── Material to process ──
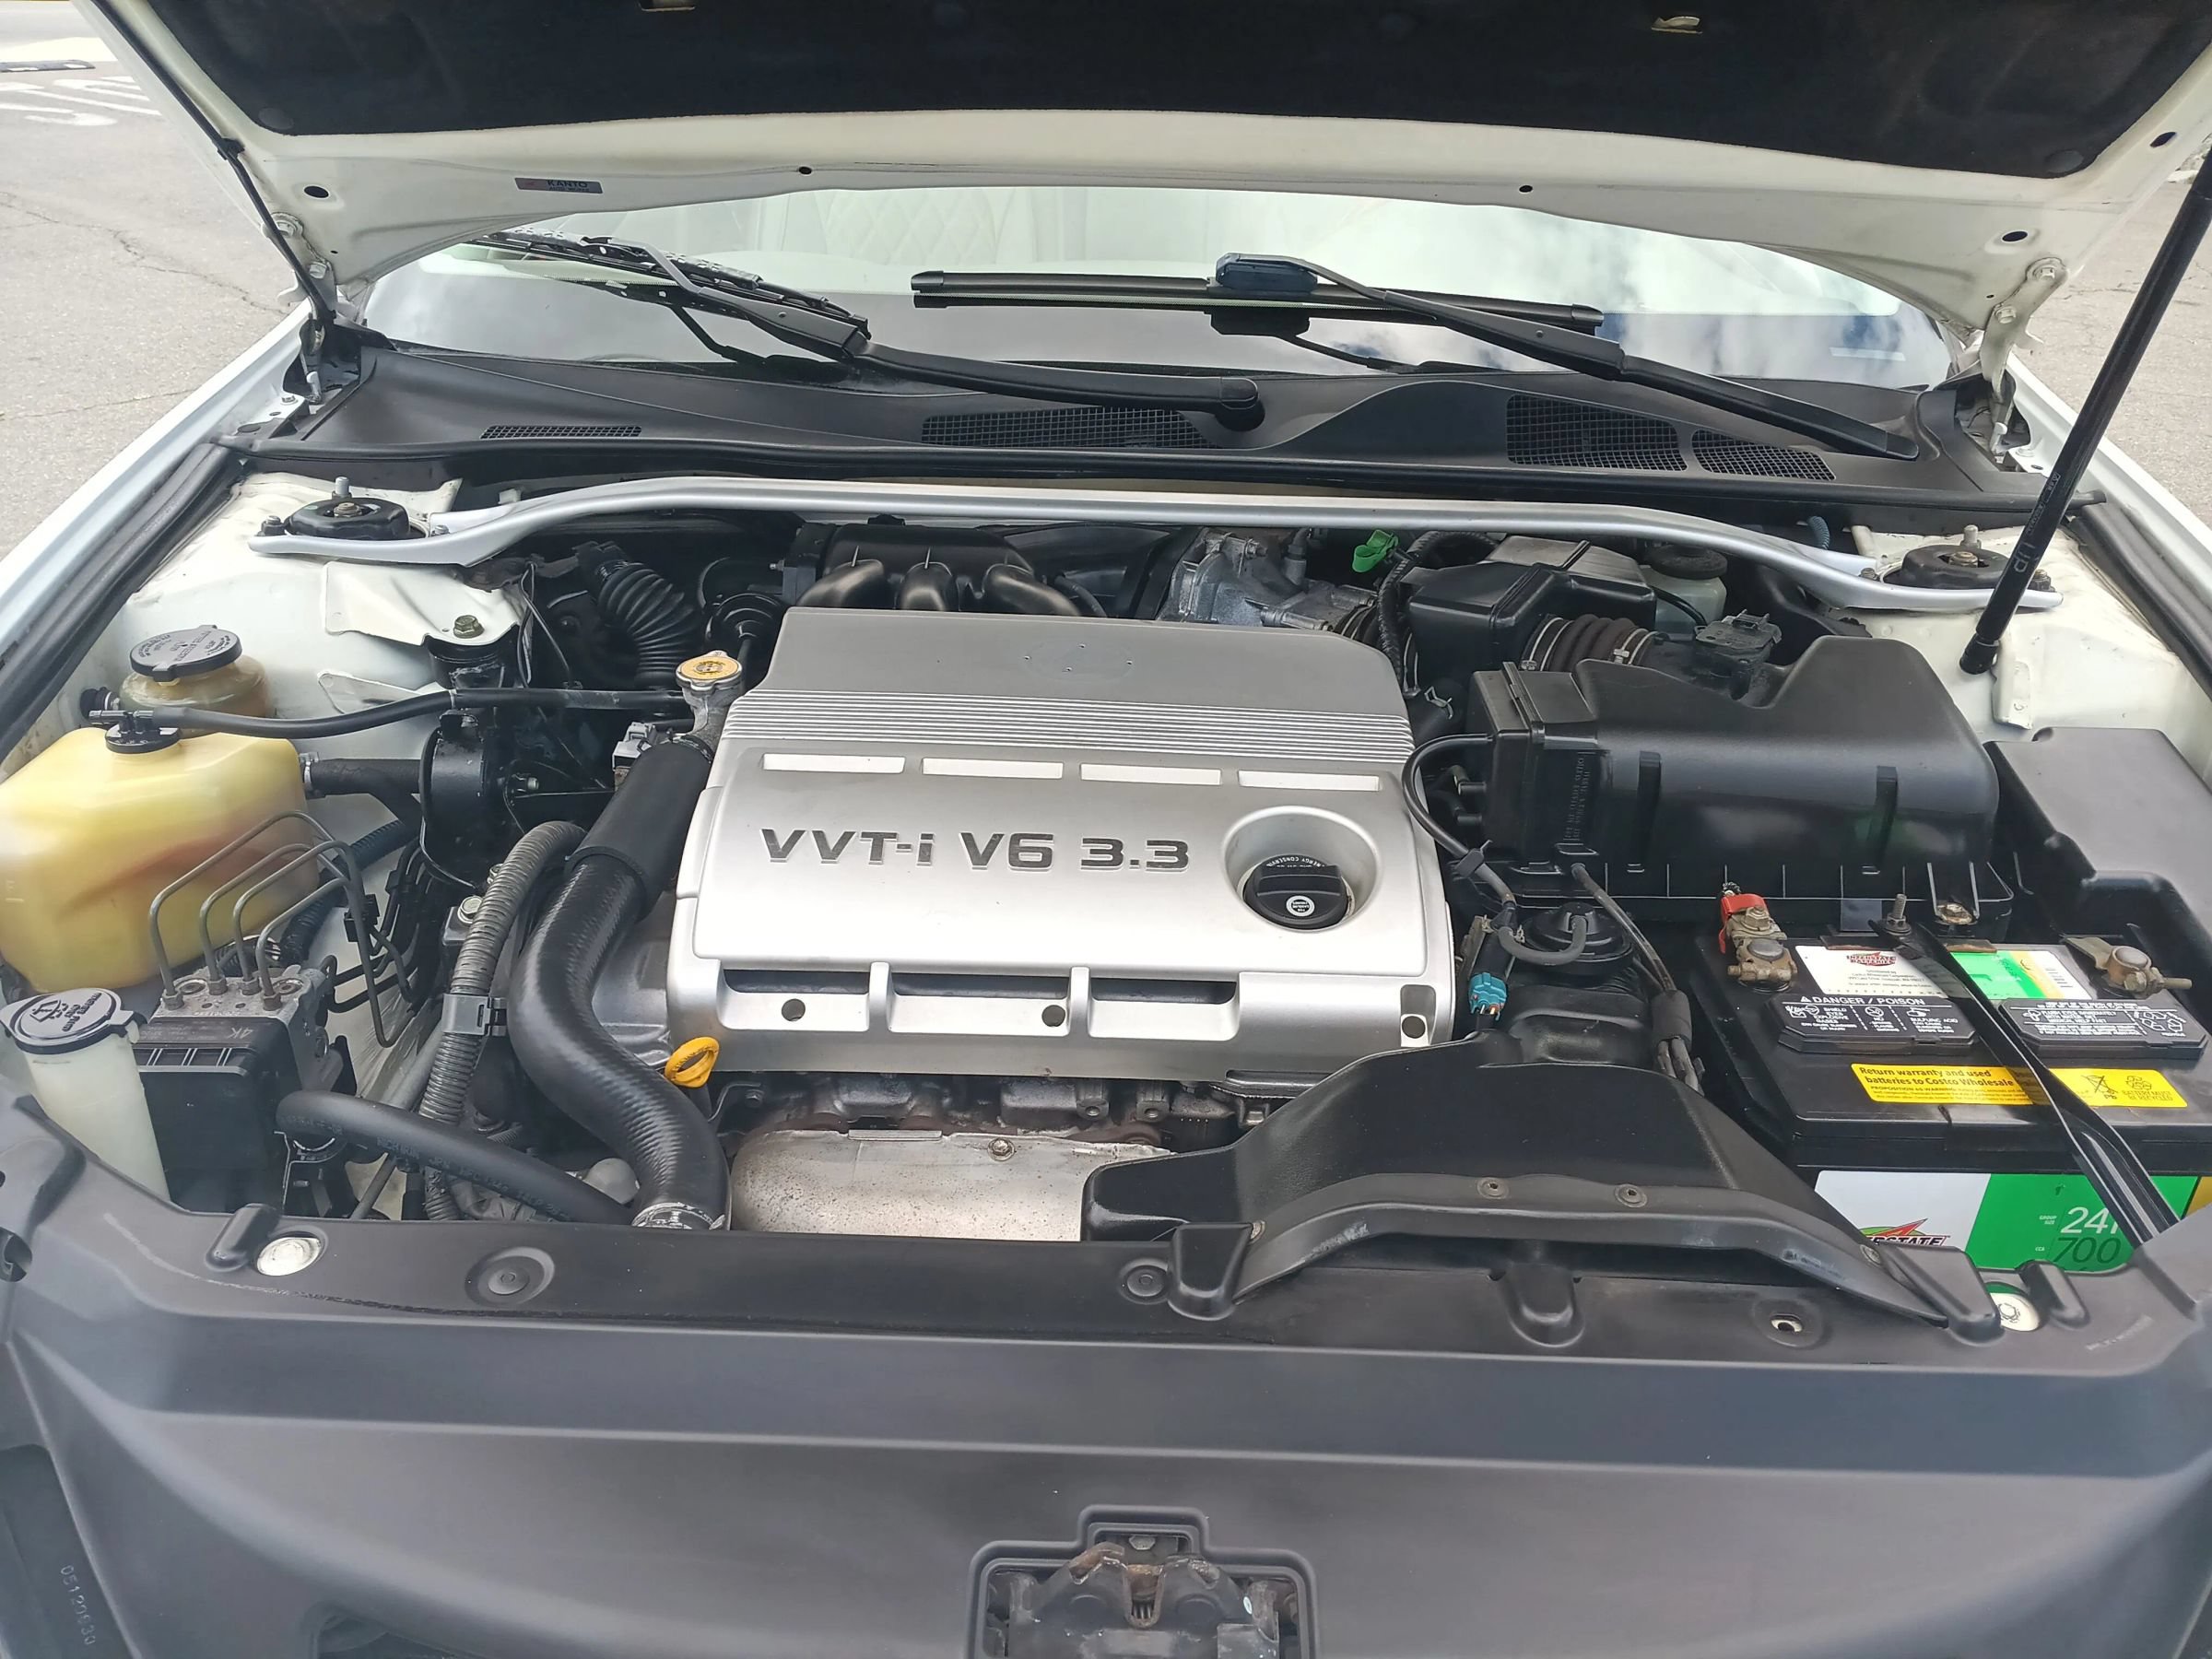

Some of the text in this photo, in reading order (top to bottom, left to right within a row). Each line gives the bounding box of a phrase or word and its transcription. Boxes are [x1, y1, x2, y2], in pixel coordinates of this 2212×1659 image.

[547, 180, 588, 188] KANTO
[761, 829, 1190, 872] VVT-i V6 3.3
[1301, 857, 1324, 867] NERGY
[1812, 996, 1865, 1005] DANGER
[228, 1027, 254, 1040] 4K
[1859, 1067, 1895, 1077] Return
[1896, 1069, 1943, 1077] warranty
[1865, 1077, 1912, 1085] batteries
[2053, 1237, 2122, 1264] 700
───
__What needs to be done__.
Could you output all of the records exactly, without their pictures?

__Result__.
Some of the text in this photo, in reading order (top to bottom, left to right within a row). Each line gives the bounding box of a phrase or word and its transcription. Boxes are [x1, y1, x2, y2], in pixel coordinates of this 2212×1659 image.

[547, 180, 588, 188] KANTO
[761, 829, 1190, 872] VVT-i V6 3.3
[1301, 857, 1324, 867] NERGY
[1812, 996, 1865, 1005] DANGER
[228, 1027, 254, 1040] 4K
[1859, 1067, 1895, 1077] Return
[1896, 1069, 1943, 1077] warranty
[1865, 1077, 1912, 1085] batteries
[2053, 1237, 2122, 1264] 700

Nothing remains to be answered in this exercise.